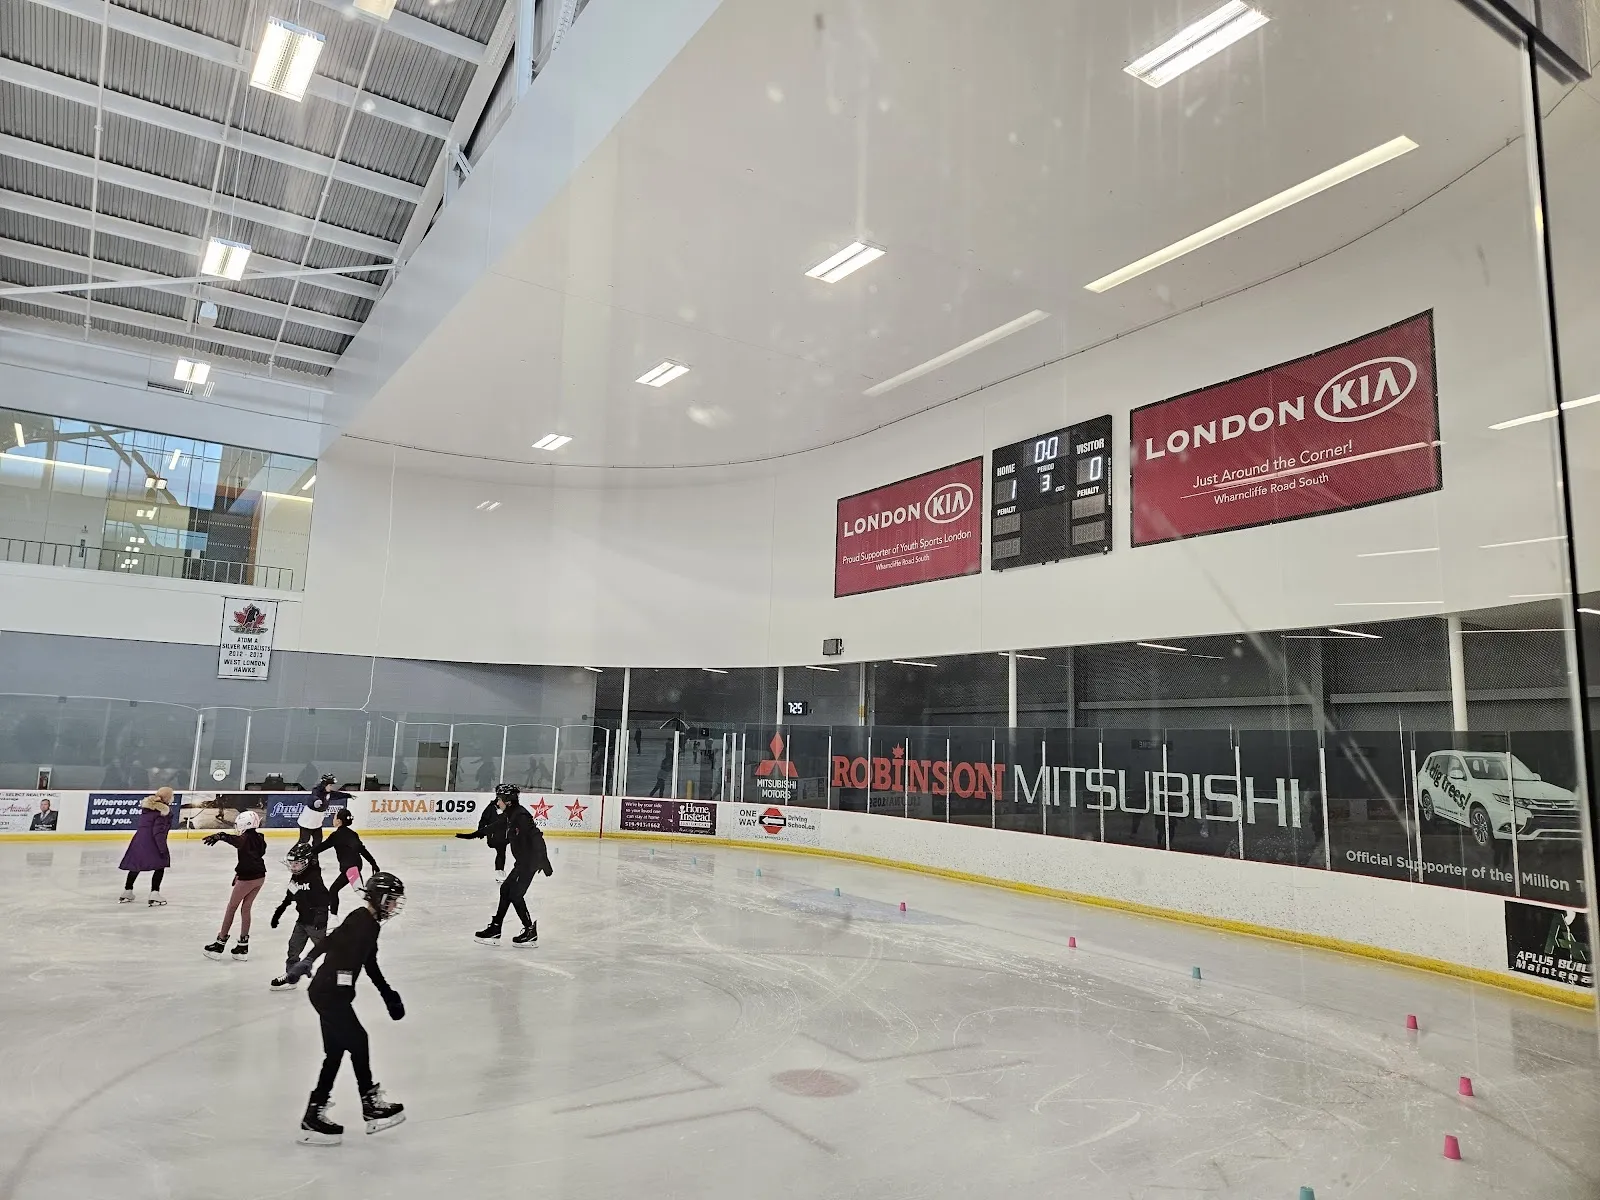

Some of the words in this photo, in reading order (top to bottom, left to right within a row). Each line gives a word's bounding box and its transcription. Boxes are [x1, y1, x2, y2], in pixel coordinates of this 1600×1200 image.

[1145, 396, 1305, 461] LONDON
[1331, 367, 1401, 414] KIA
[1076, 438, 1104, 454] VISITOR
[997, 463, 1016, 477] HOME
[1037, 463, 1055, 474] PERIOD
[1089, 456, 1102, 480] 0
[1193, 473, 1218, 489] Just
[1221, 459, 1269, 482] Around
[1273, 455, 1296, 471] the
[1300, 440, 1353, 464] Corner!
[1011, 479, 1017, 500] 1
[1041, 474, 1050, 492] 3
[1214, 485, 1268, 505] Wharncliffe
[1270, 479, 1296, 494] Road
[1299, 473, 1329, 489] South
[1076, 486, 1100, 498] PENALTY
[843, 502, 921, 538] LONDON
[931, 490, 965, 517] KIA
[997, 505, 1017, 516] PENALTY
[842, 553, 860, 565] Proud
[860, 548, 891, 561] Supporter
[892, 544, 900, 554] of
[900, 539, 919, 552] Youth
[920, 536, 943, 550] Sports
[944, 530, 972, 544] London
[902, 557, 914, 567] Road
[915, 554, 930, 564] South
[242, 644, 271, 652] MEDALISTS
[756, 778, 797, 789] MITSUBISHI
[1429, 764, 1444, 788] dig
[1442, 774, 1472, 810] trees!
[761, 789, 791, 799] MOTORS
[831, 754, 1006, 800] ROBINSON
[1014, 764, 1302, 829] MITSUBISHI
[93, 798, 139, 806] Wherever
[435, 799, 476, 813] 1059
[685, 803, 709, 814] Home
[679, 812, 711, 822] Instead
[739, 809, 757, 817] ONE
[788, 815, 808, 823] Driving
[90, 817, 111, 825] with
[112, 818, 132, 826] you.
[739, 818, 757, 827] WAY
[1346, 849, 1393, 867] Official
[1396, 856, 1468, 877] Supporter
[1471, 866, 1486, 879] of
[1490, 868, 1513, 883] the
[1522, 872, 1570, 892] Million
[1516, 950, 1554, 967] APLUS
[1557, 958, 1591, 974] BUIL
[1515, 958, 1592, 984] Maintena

+++

Return the records word for word, leaving every picture out of the copy.

Written solution:
Some of the words in this photo, in reading order (top to bottom, left to right within a row). Each line gives a word's bounding box and its transcription. Boxes are [x1, y1, x2, y2], in pixel coordinates of this 1600×1200 image.

[1145, 396, 1305, 461] LONDON
[1331, 367, 1401, 414] KIA
[1076, 438, 1104, 454] VISITOR
[997, 463, 1016, 477] HOME
[1037, 463, 1055, 474] PERIOD
[1089, 456, 1102, 480] 0
[1193, 473, 1218, 489] Just
[1221, 459, 1269, 482] Around
[1273, 455, 1296, 471] the
[1300, 440, 1353, 464] Corner!
[1011, 479, 1017, 500] 1
[1041, 474, 1050, 492] 3
[1214, 485, 1268, 505] Wharncliffe
[1270, 479, 1296, 494] Road
[1299, 473, 1329, 489] South
[1076, 486, 1100, 498] PENALTY
[843, 502, 921, 538] LONDON
[931, 490, 965, 517] KIA
[997, 505, 1017, 516] PENALTY
[842, 553, 860, 565] Proud
[860, 548, 891, 561] Supporter
[892, 544, 900, 554] of
[900, 539, 919, 552] Youth
[920, 536, 943, 550] Sports
[944, 530, 972, 544] London
[902, 557, 914, 567] Road
[915, 554, 930, 564] South
[242, 644, 271, 652] MEDALISTS
[756, 778, 797, 789] MITSUBISHI
[1429, 764, 1444, 788] dig
[1442, 774, 1472, 810] trees!
[761, 789, 791, 799] MOTORS
[831, 754, 1006, 800] ROBINSON
[1014, 764, 1302, 829] MITSUBISHI
[93, 798, 139, 806] Wherever
[435, 799, 476, 813] 1059
[685, 803, 709, 814] Home
[679, 812, 711, 822] Instead
[739, 809, 757, 817] ONE
[788, 815, 808, 823] Driving
[90, 817, 111, 825] with
[112, 818, 132, 826] you.
[739, 818, 757, 827] WAY
[1346, 849, 1393, 867] Official
[1396, 856, 1468, 877] Supporter
[1471, 866, 1486, 879] of
[1490, 868, 1513, 883] the
[1522, 872, 1570, 892] Million
[1516, 950, 1554, 967] APLUS
[1557, 958, 1591, 974] BUIL
[1515, 958, 1592, 984] Maintena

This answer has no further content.